The addition of GP and tannase in the chicken diets could increase the cellular and humoral immune responses. In poultry production, it is important to improve immunity to prevent infectious diseases. A variety of factors such as vaccination failure, infection by immune-suppressive diseases, and abuse of antibiotics can induce immunodeficiency. Grape pomace is particularly rich in a wide range of polyphenols. Konowalchuk & Speirs (2009) reported that grape seed proanthocyanidins show up to 50 times more antioxidant activity than vitamin E. Immunity is influenced by oxidative stress and improving the antioxidant status of the animal may enhance its immunity. Similar to the current data, Iqbal et al. (2015) found that broilers fed the grape polyphenols diets showed higher (P <0.05) antibody titers against ND virus than those fed the control diet. Additionally, Acamovic & Brooker (2005) reported immunostimulating activity of polyphenols and oregano essential oil with respect to the mononuclear phagocyte system, cell, and humoral immunity. Today, there is compelling evidence that suggests that the mechanisms by which plant polyphenols exert their properties, such a mode of action would induce the inhibition of key enzymes, modulate cell receptors or transcription factors, and perturb protein (or peptide) aggregates, which can regulate cell functions related for example to growth and proliferation, inflammation, apoptosis, angiogenesis, metastasis, and immune responses by affecting signal transduction pathways (Zhu et al., 1997; Yang et al., 2009).

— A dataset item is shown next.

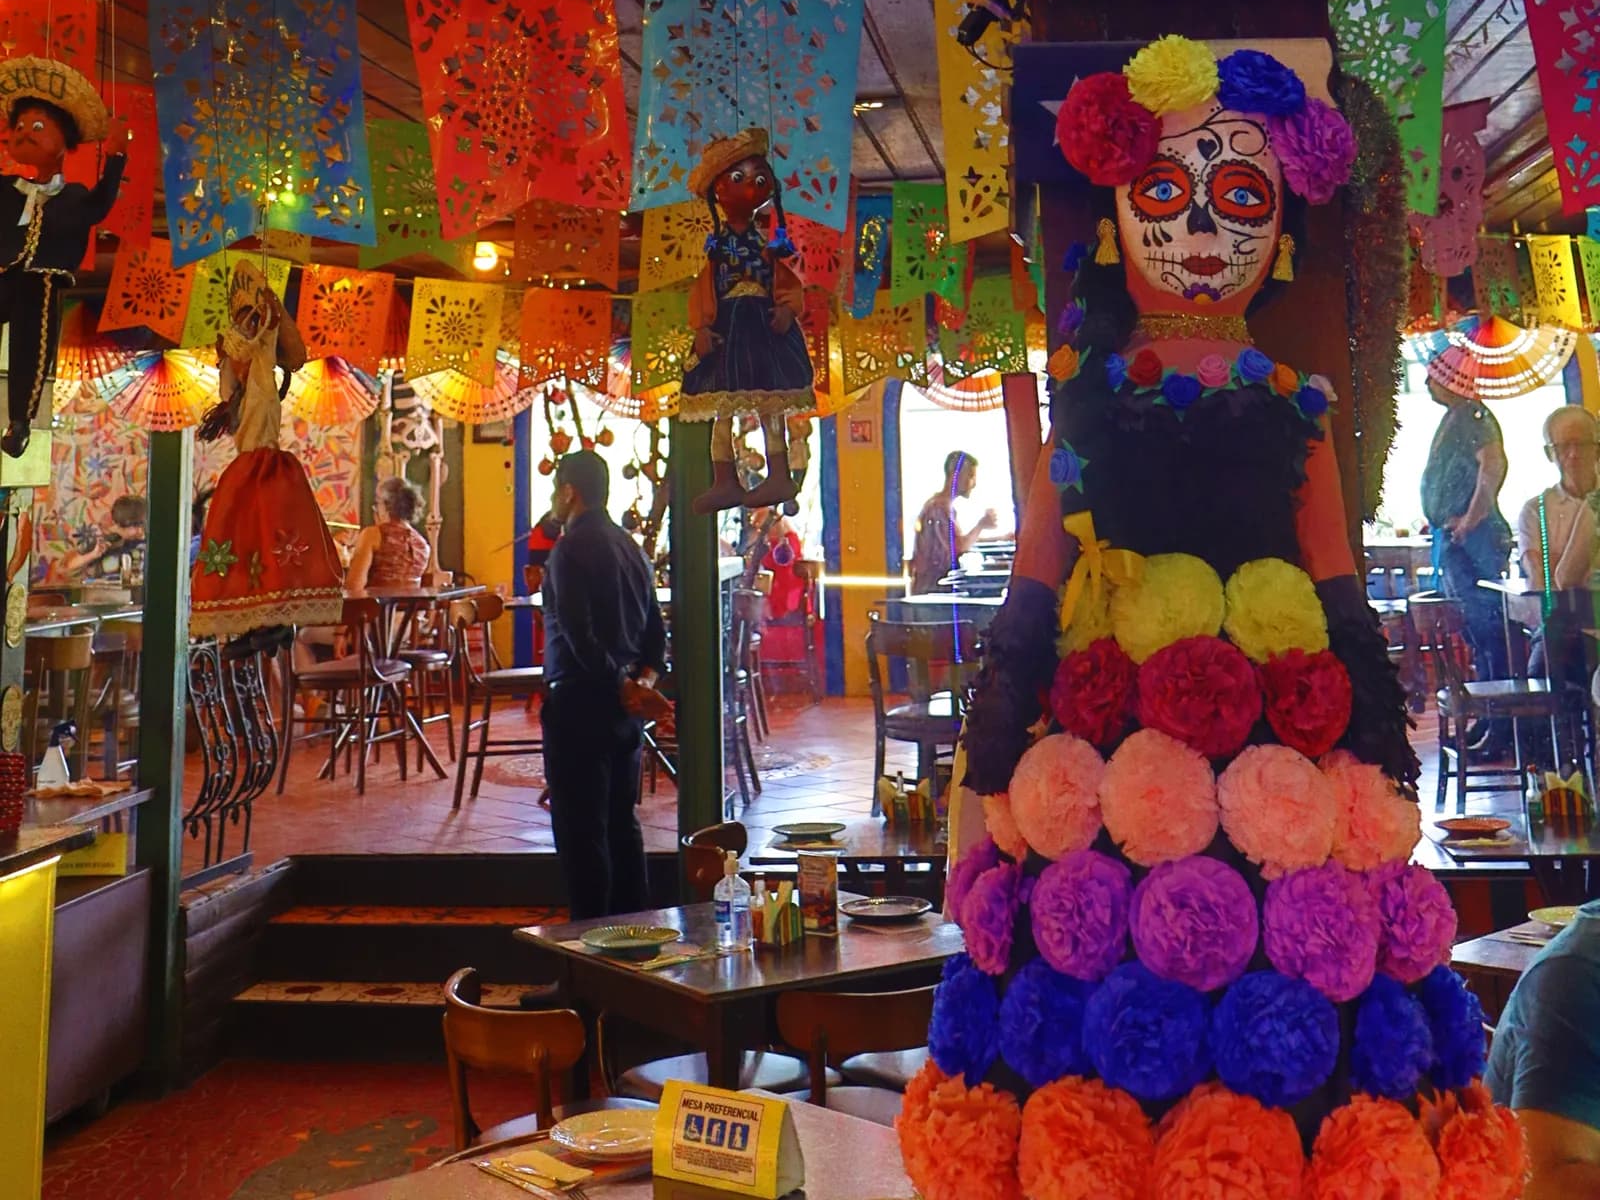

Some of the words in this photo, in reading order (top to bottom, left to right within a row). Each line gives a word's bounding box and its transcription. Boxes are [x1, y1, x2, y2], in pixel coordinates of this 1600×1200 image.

[0, 65, 67, 100] EXICO
[681, 1098, 703, 1112] MESA
[703, 1102, 760, 1122] PREFERENCIAL

Immune organs, including the spleen and bursa of Fabricius, are considered important sites for antigen recognition and activation of immune cells (Akter et al., 2006).The relative weight of the spleen and bursa reflect the host's ability to produce T and B lymphocytes during an immune response. In the present study, the relative immune organ weights were not significantly affected by dietary treatments. In agreement, Brenes et al. (2008) and Rahimi et al. (2011) showed no significant differences in the relative weight of the spleen and bursa in broilers fed a diet containing GP concentrate and thyme compared with the control groups. The biological effect of polyphenols depends on their availability. Monomeric and some oligomeric polyphenols have been found to be absorbed in the small intestine, while polymeric forms are poorly absorbed, and must be hydrolysed by the intestinal microbiota (Gonthier et al., 2003). As expected, birds fed GP diets showed higher intestinal (ileal and excreta) total polyphenol contents than those fed control diets. Recent studies have estimated that the amount of non-absorbable polyphenols reaching the colon is high and microbe-derived phenolic metabolites excreted in urine represent the largest proportion of polyphenol intake (Monagas et al., 2010).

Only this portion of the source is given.